**Goal of the exercise:** Set the listing down unchanged, minus every embedded image.

**Input:**

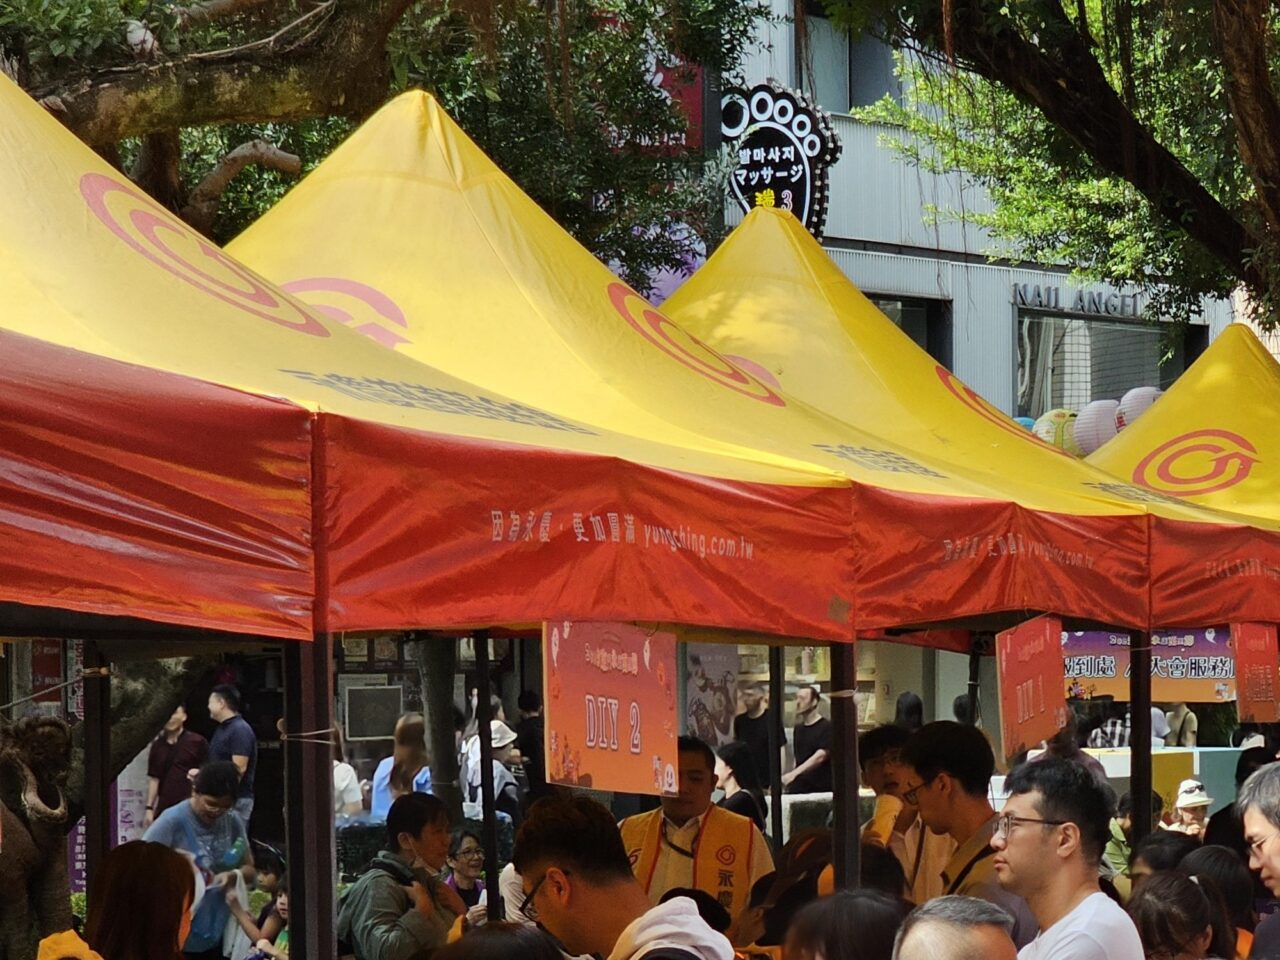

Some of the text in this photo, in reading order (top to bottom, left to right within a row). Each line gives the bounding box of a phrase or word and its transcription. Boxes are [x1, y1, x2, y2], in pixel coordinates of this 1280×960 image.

[735, 164, 803, 186] マッサージ
[1012, 282, 1065, 312] NAIL
[644, 524, 754, 560] yungching.com.tw
[1151, 655, 1235, 679] 大會服務
[585, 694, 641, 754] DIY 2
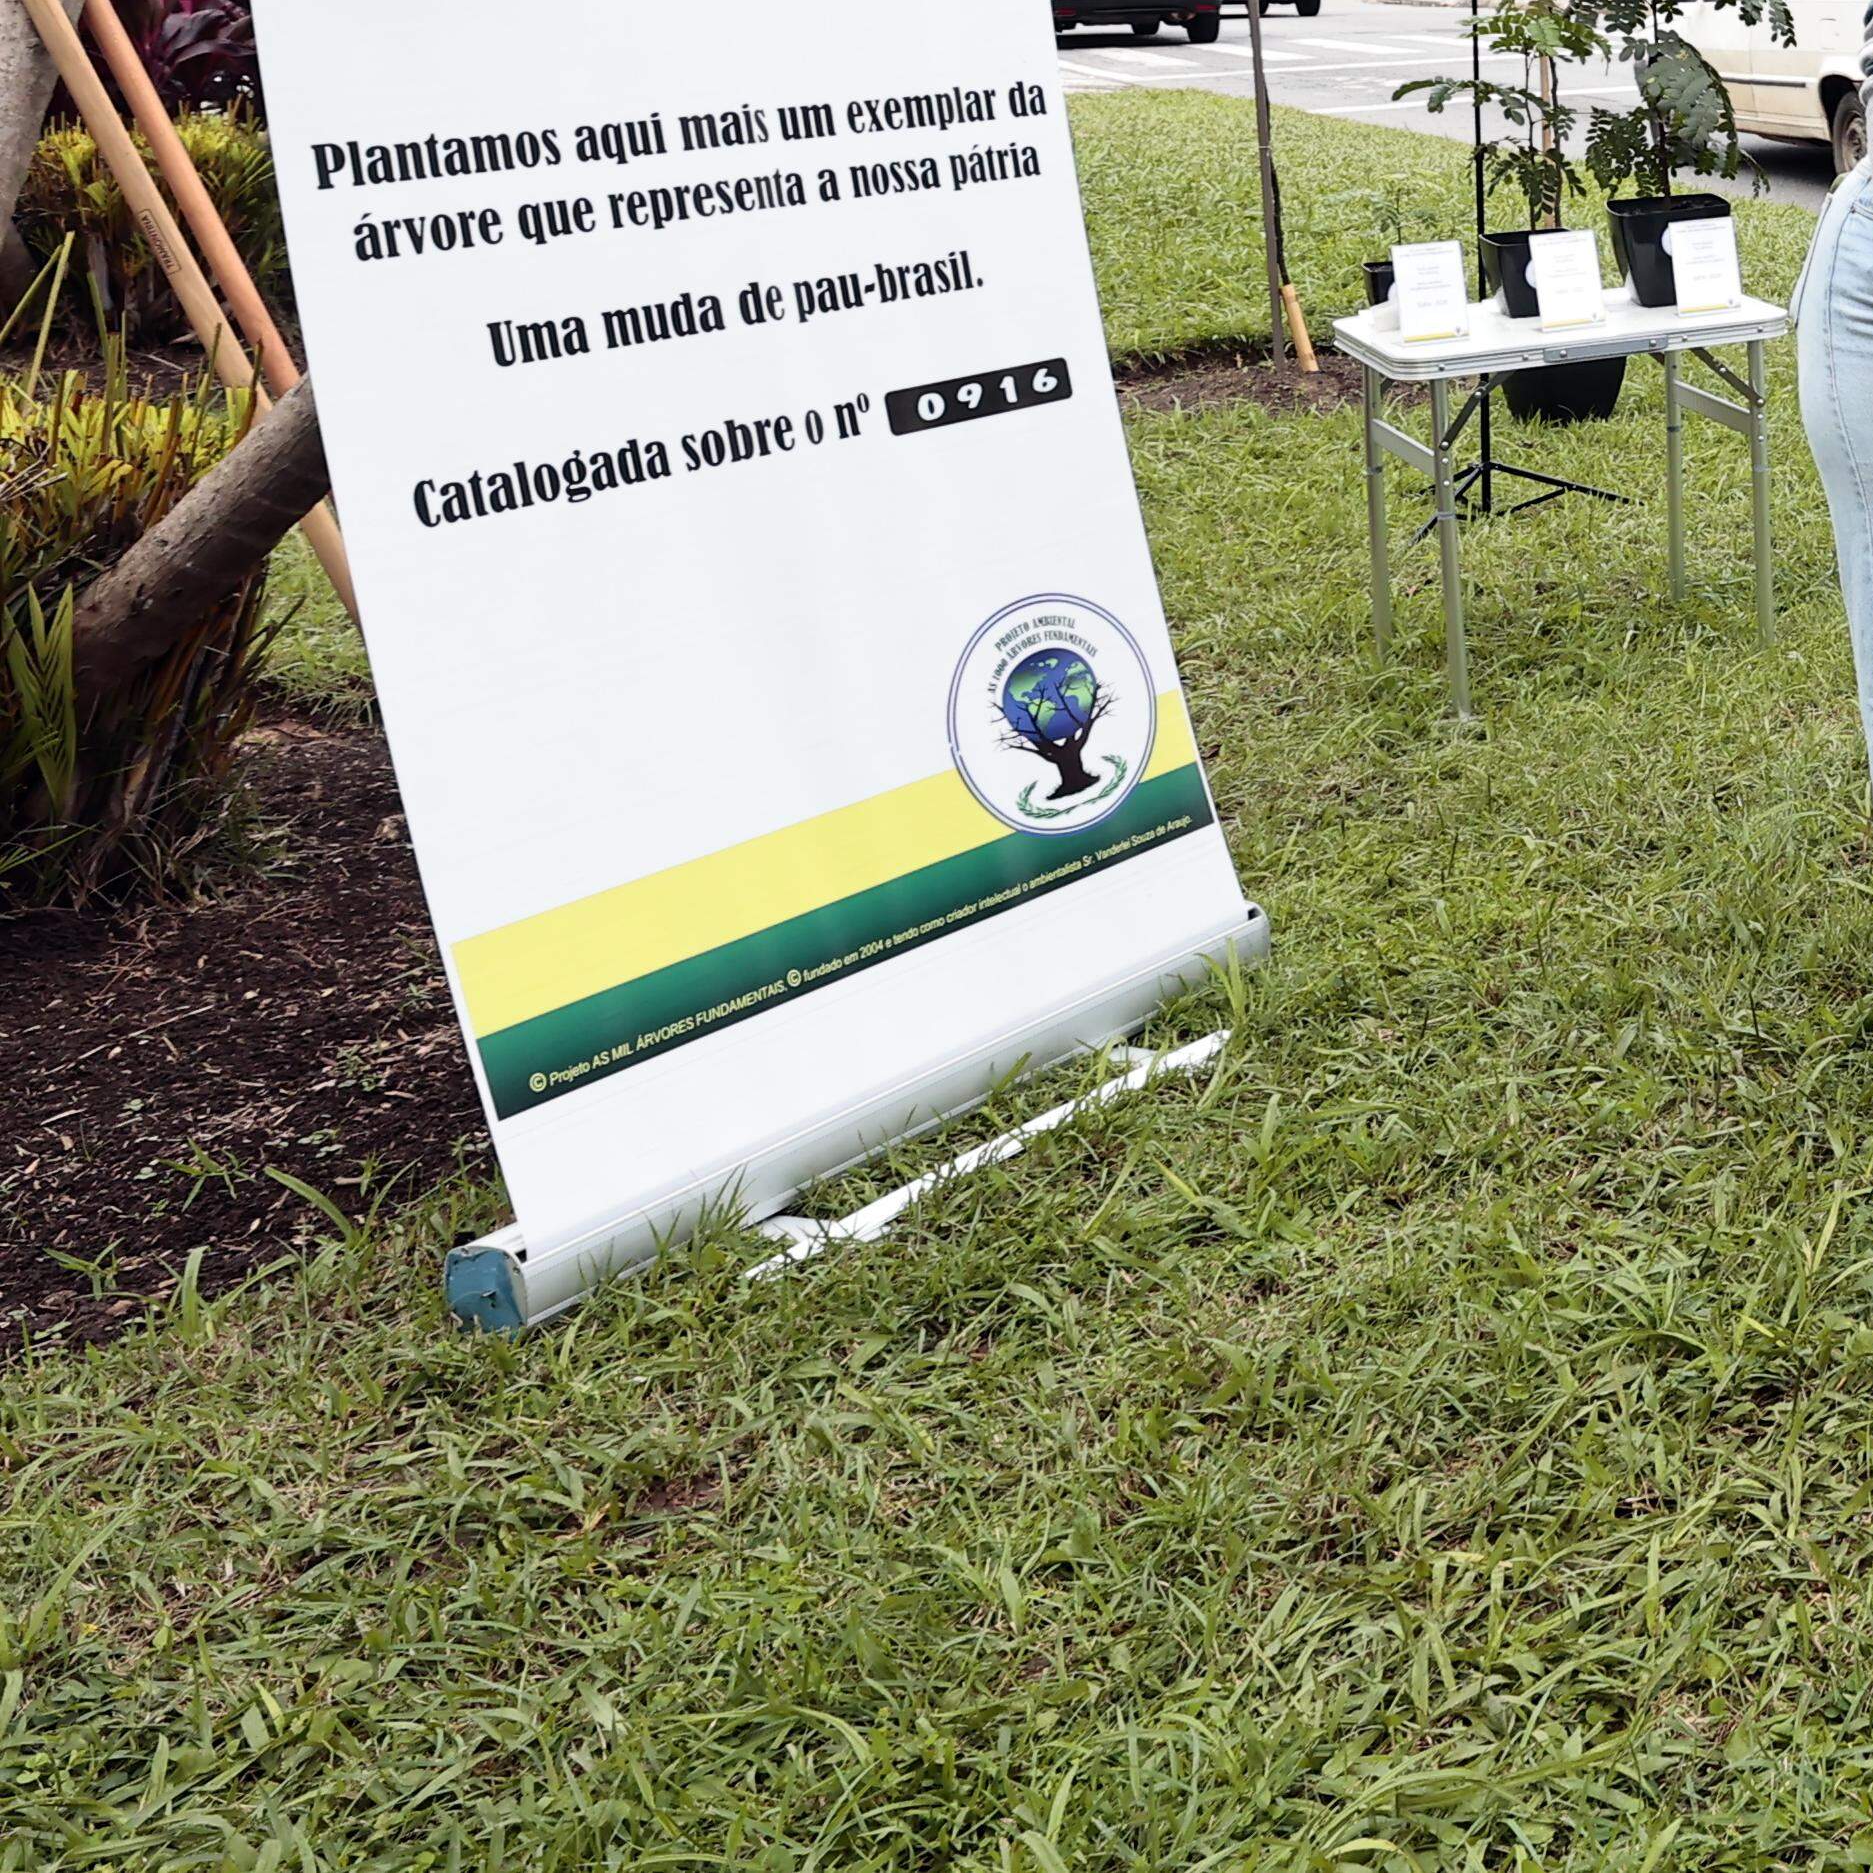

**Answer to this exercise:**
Some of the text in this photo, in reading order (top to bottom, left to right within a row). Each line gives the bounding box of a phrase or word and its transcription. Boxes are [x1, y1, x2, y2], in pixel coordinates of this 1280×960 image.

[735, 164, 803, 186] マッサージ
[1012, 282, 1065, 312] NAIL
[644, 524, 754, 560] yungching.com.tw
[1151, 655, 1235, 679] 大會服務
[585, 694, 641, 754] DIY 2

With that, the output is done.